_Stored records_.
————

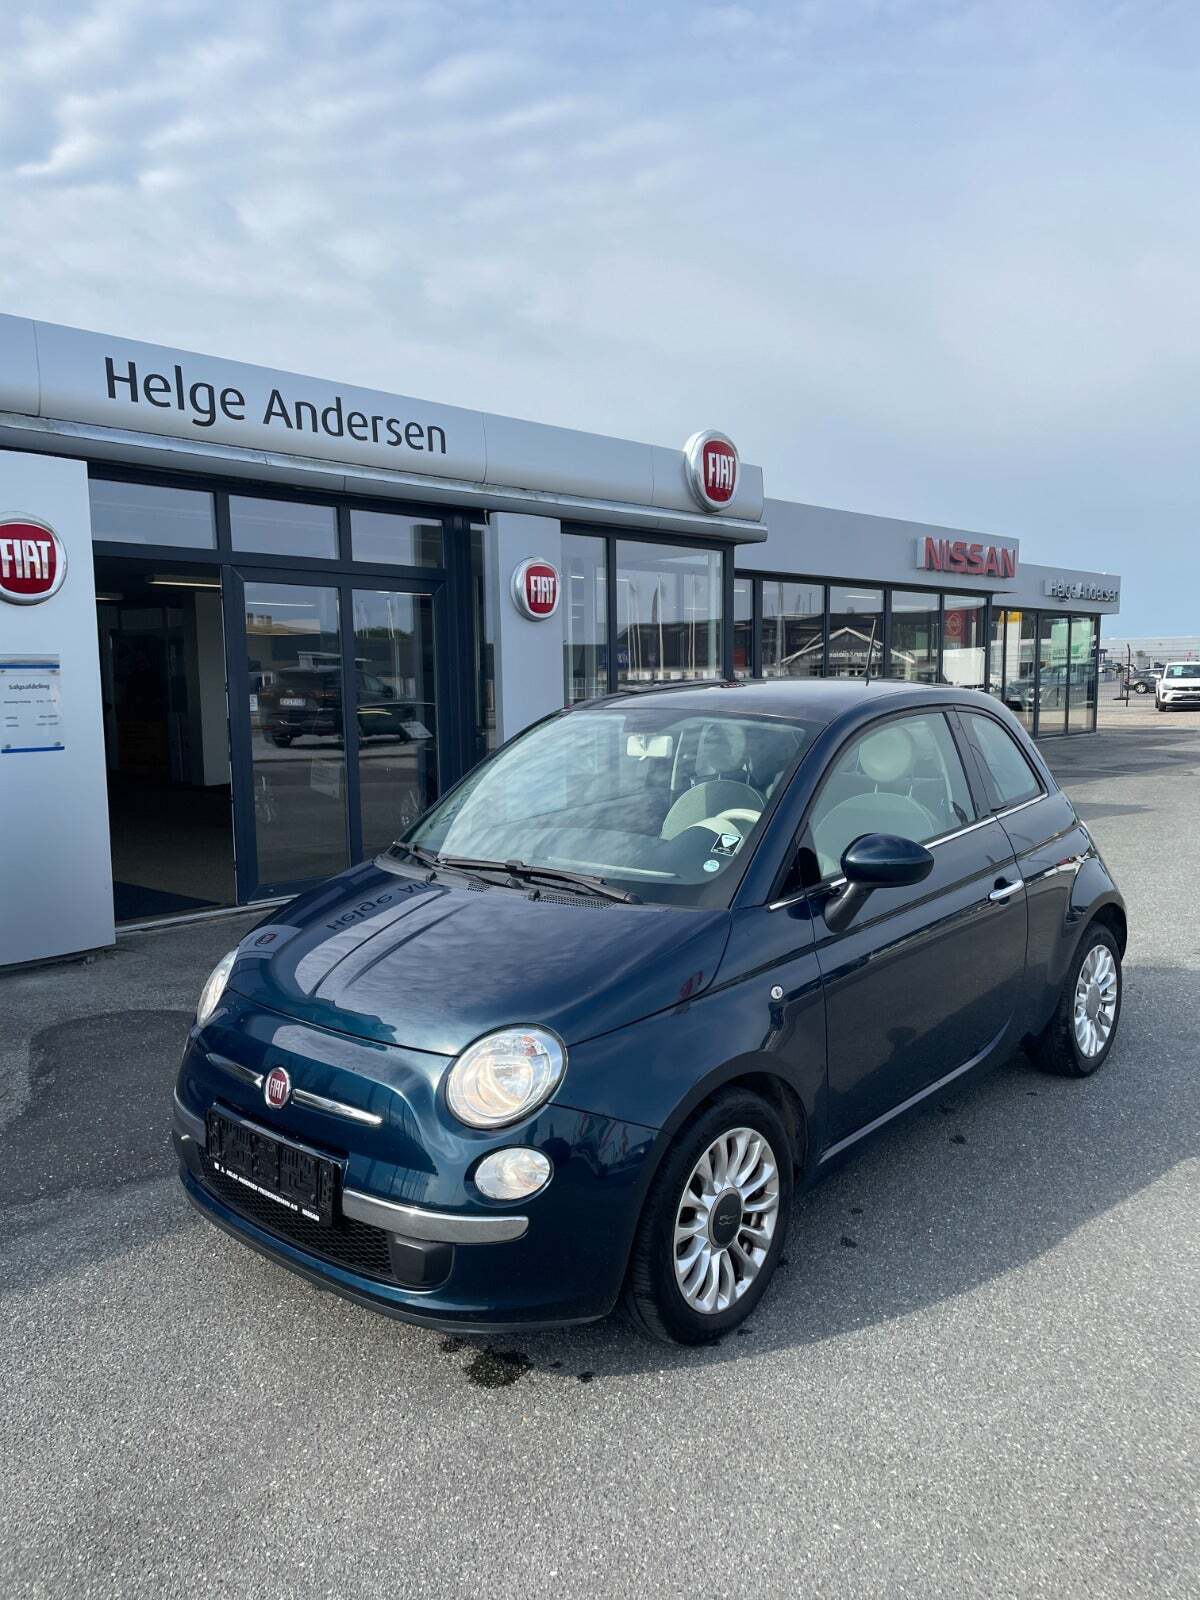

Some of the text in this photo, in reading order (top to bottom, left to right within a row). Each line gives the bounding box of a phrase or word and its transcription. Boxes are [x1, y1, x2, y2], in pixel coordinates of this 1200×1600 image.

[105, 356, 447, 454] Helge Andersen
[707, 452, 735, 490] FIAT
[0, 538, 51, 579] FIAT
[924, 536, 1016, 578] NISSAN
[530, 575, 555, 603] FIAT
[269, 1078, 286, 1100] FIAT
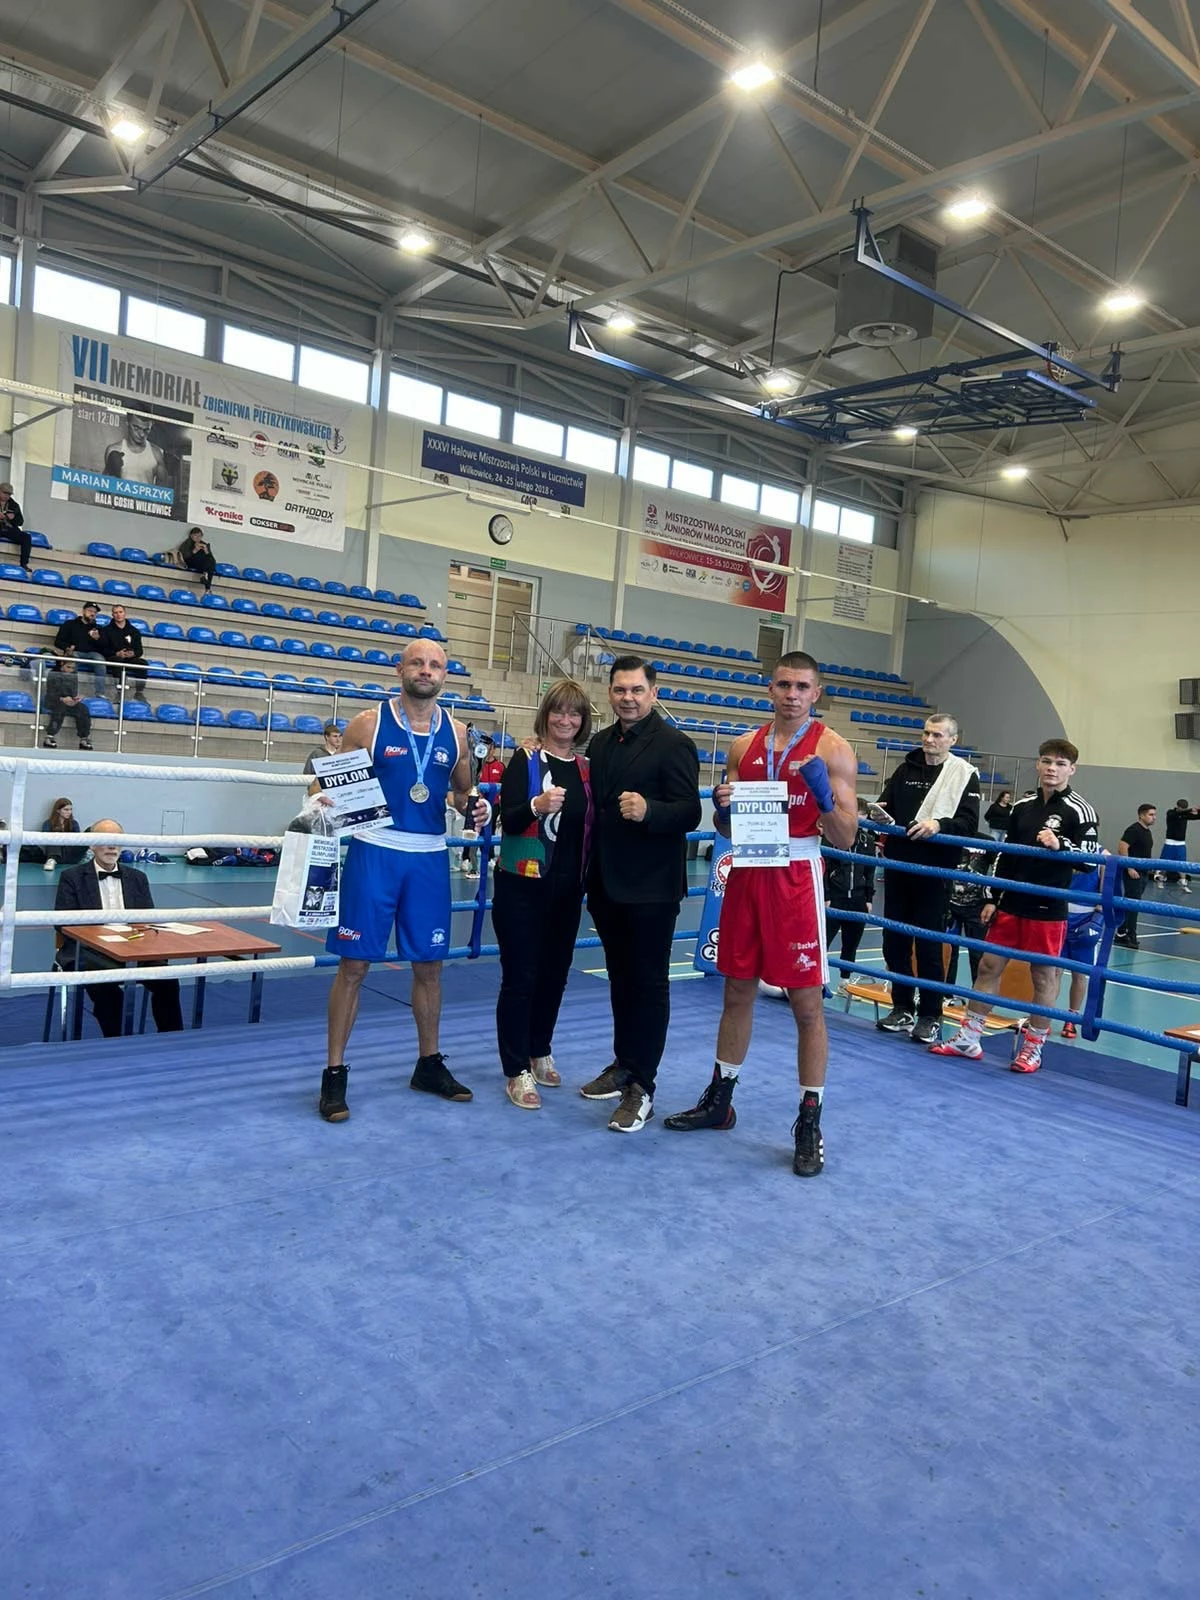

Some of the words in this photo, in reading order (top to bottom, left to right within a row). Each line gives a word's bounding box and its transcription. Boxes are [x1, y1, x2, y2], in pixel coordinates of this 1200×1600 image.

[72, 334, 109, 384] VII
[110, 358, 201, 408] MEMORIAŁ
[203, 395, 250, 420] ZBIGNIEWA
[253, 407, 332, 440] PIETRZYKOWSKIEGO
[427, 437, 450, 453] XXXVI
[451, 444, 477, 460] Halowe
[479, 452, 519, 472] Mistrzostwa
[520, 463, 540, 477] Polski
[541, 471, 547, 479] w
[62, 469, 110, 489] MARIAN
[116, 481, 172, 500] KASPRZYK
[535, 484, 549, 495] 2018
[95, 492, 112, 506] HALA
[136, 499, 172, 517] WILKOWICE
[206, 506, 244, 521] Kronika
[285, 502, 334, 519] ORTHODOX
[252, 519, 279, 529] BOKSER
[664, 523, 703, 539] JUNIORÓW
[704, 533, 745, 550] MŁODSZYCH
[665, 511, 719, 533] MISTRZOSTWA
[720, 525, 746, 540] POLSKI
[324, 768, 370, 788] DYPLOM
[737, 801, 783, 813] DYPLOM
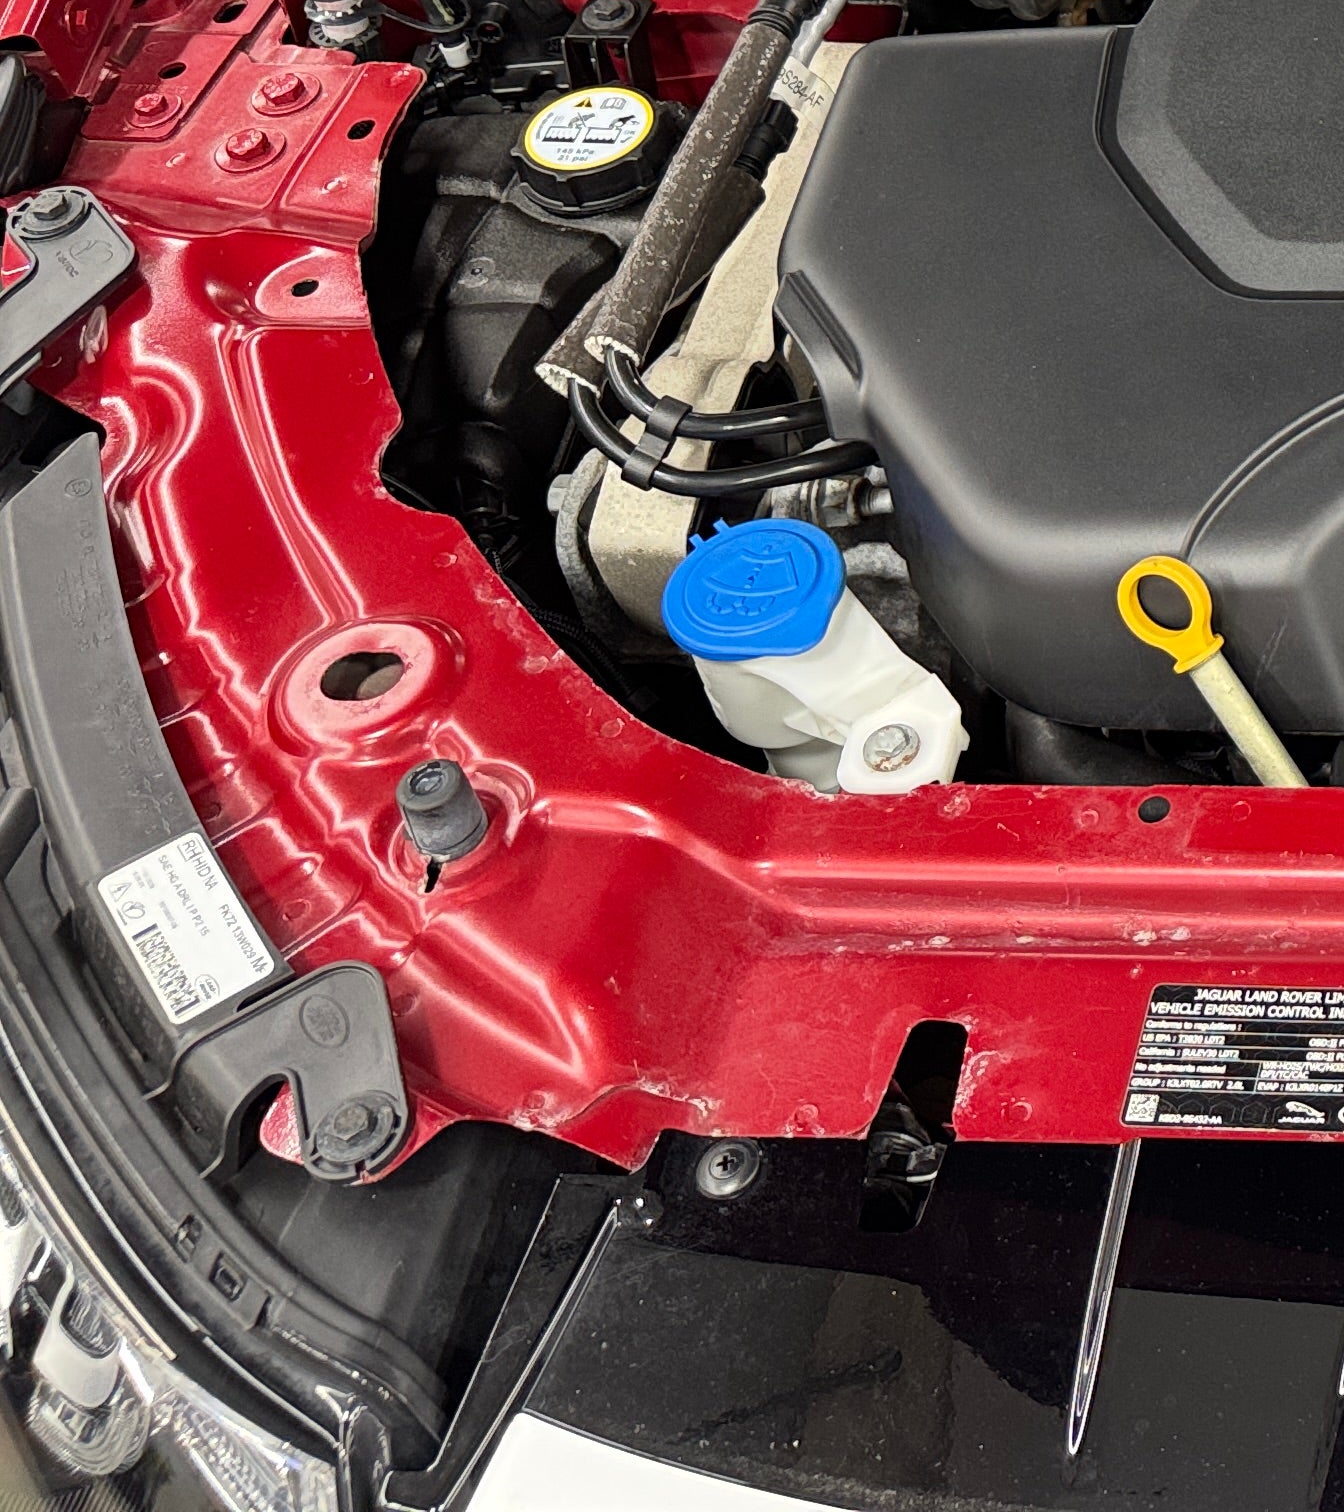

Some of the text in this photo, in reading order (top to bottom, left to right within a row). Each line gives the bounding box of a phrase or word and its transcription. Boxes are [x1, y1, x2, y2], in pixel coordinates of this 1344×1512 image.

[157, 854, 172, 872] SAE
[181, 838, 200, 859] RH
[191, 855, 212, 878] HID
[1194, 988, 1242, 1001] JAGUAR
[1244, 990, 1279, 1002] LAND
[1280, 991, 1322, 1004] ROVER
[1150, 1002, 1202, 1016] VEHICLE
[1204, 1003, 1265, 1017] EMISSION
[1267, 1005, 1326, 1019] CONTROL
[1130, 1078, 1161, 1087] GROUP
[1278, 1116, 1325, 1124] JAGUAR
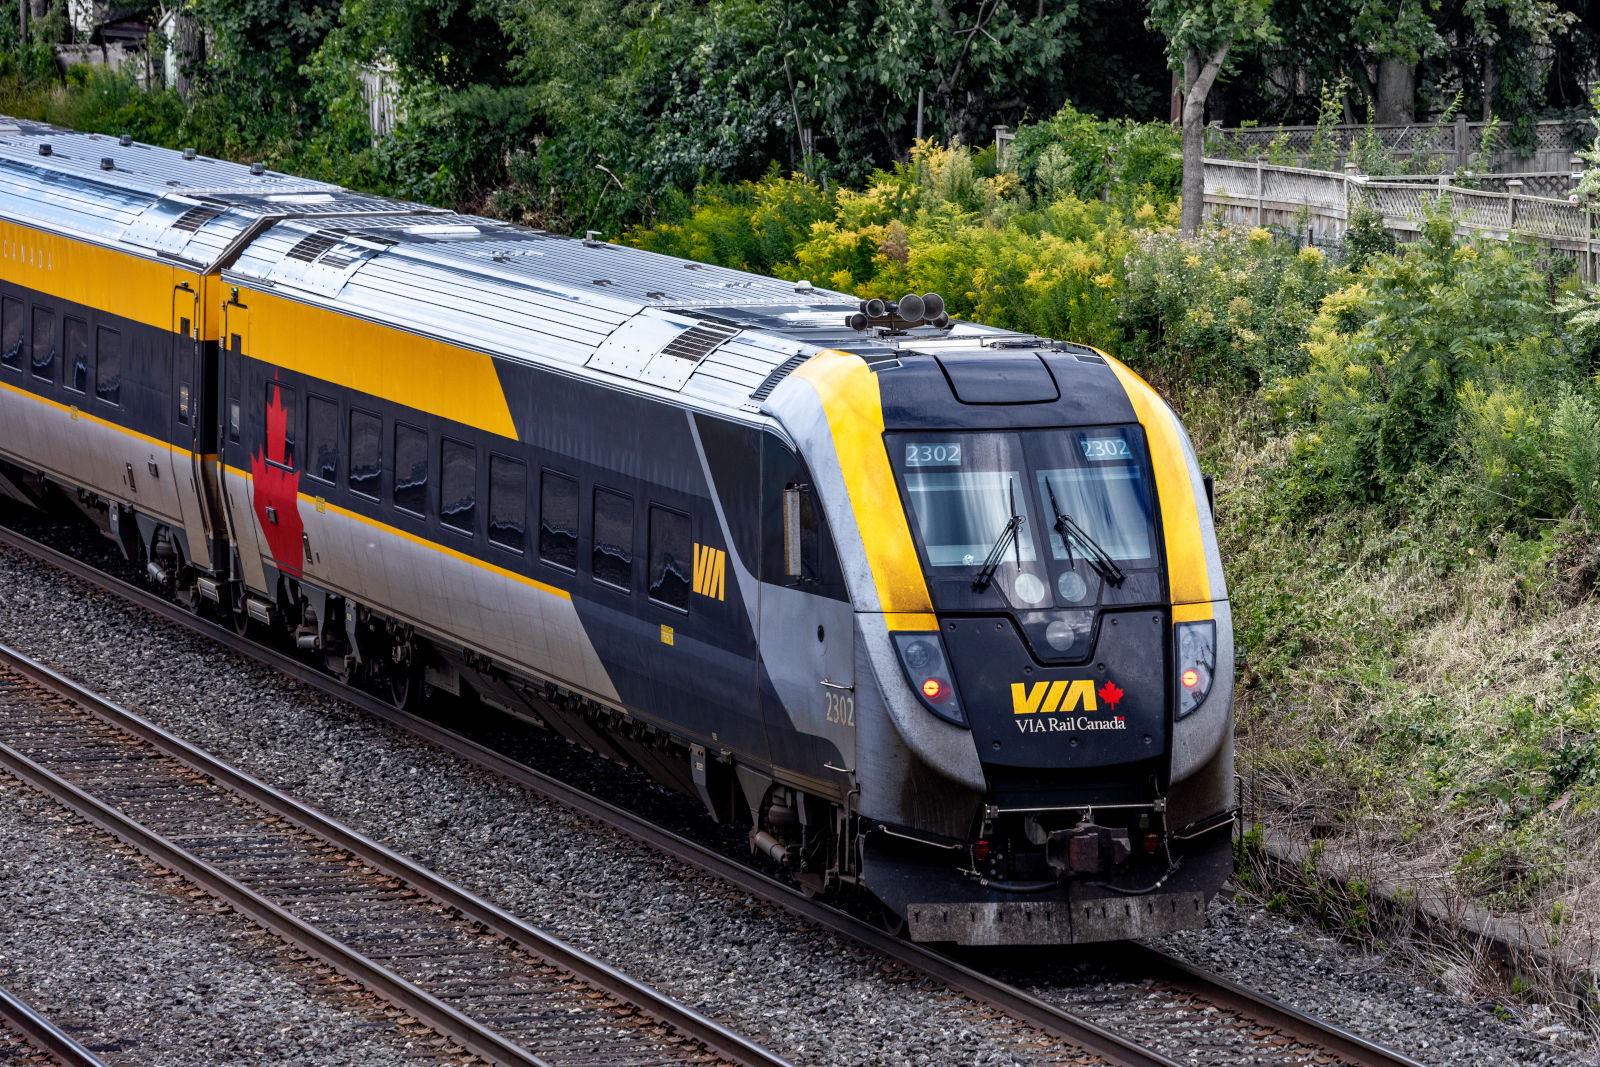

————

_Action item_. In the answer, the data should reappear exactly, with no pictures.

_Answer to the exercise_.
Some of the text in this photo, in reading order (top to bottom, left to right within a row). Each line gives the bounding box of a phrase or word and its transcription. Boxes are [x1, y1, x2, y2], in pixel coordinates of this 1200×1600 image.

[105, 356, 447, 454] Helge Andersen
[707, 452, 735, 490] FIAT
[0, 538, 51, 579] FIAT
[924, 536, 1016, 578] NISSAN
[530, 575, 555, 603] FIAT
[269, 1078, 286, 1100] FIAT

Some of the words in this photo, in reading order (top to bottom, left to right within a row). Each line gives a word's bounding box and its transcription. Boxes are [x1, y1, x2, y2], in pixel coordinates of this 1200×1600 image.

[72, 334, 109, 384] VII
[110, 358, 201, 408] MEMORIAŁ
[203, 395, 250, 420] ZBIGNIEWA
[253, 407, 332, 440] PIETRZYKOWSKIEGO
[427, 437, 450, 453] XXXVI
[451, 444, 477, 460] Halowe
[479, 452, 519, 472] Mistrzostwa
[520, 463, 540, 477] Polski
[541, 471, 547, 479] w
[62, 469, 110, 489] MARIAN
[116, 481, 172, 500] KASPRZYK
[535, 484, 549, 495] 2018
[95, 492, 112, 506] HALA
[136, 499, 172, 517] WILKOWICE
[206, 506, 244, 521] Kronika
[285, 502, 334, 519] ORTHODOX
[252, 519, 279, 529] BOKSER
[664, 523, 703, 539] JUNIORÓW
[704, 533, 745, 550] MŁODSZYCH
[665, 511, 719, 533] MISTRZOSTWA
[720, 525, 746, 540] POLSKI
[324, 768, 370, 788] DYPLOM
[737, 801, 783, 813] DYPLOM

Some of the text in this photo, in reading order (top to bottom, left to right within a row). Each line gives the bounding box of a phrase or word and its transcription. Boxes are [x1, y1, x2, y2], in pixel coordinates of this 1344×1512 image.

[157, 854, 172, 872] SAE
[181, 838, 200, 859] RH
[191, 855, 212, 878] HID
[1194, 988, 1242, 1001] JAGUAR
[1244, 990, 1279, 1002] LAND
[1280, 991, 1322, 1004] ROVER
[1150, 1002, 1202, 1016] VEHICLE
[1204, 1003, 1265, 1017] EMISSION
[1267, 1005, 1326, 1019] CONTROL
[1130, 1078, 1161, 1087] GROUP
[1278, 1116, 1325, 1124] JAGUAR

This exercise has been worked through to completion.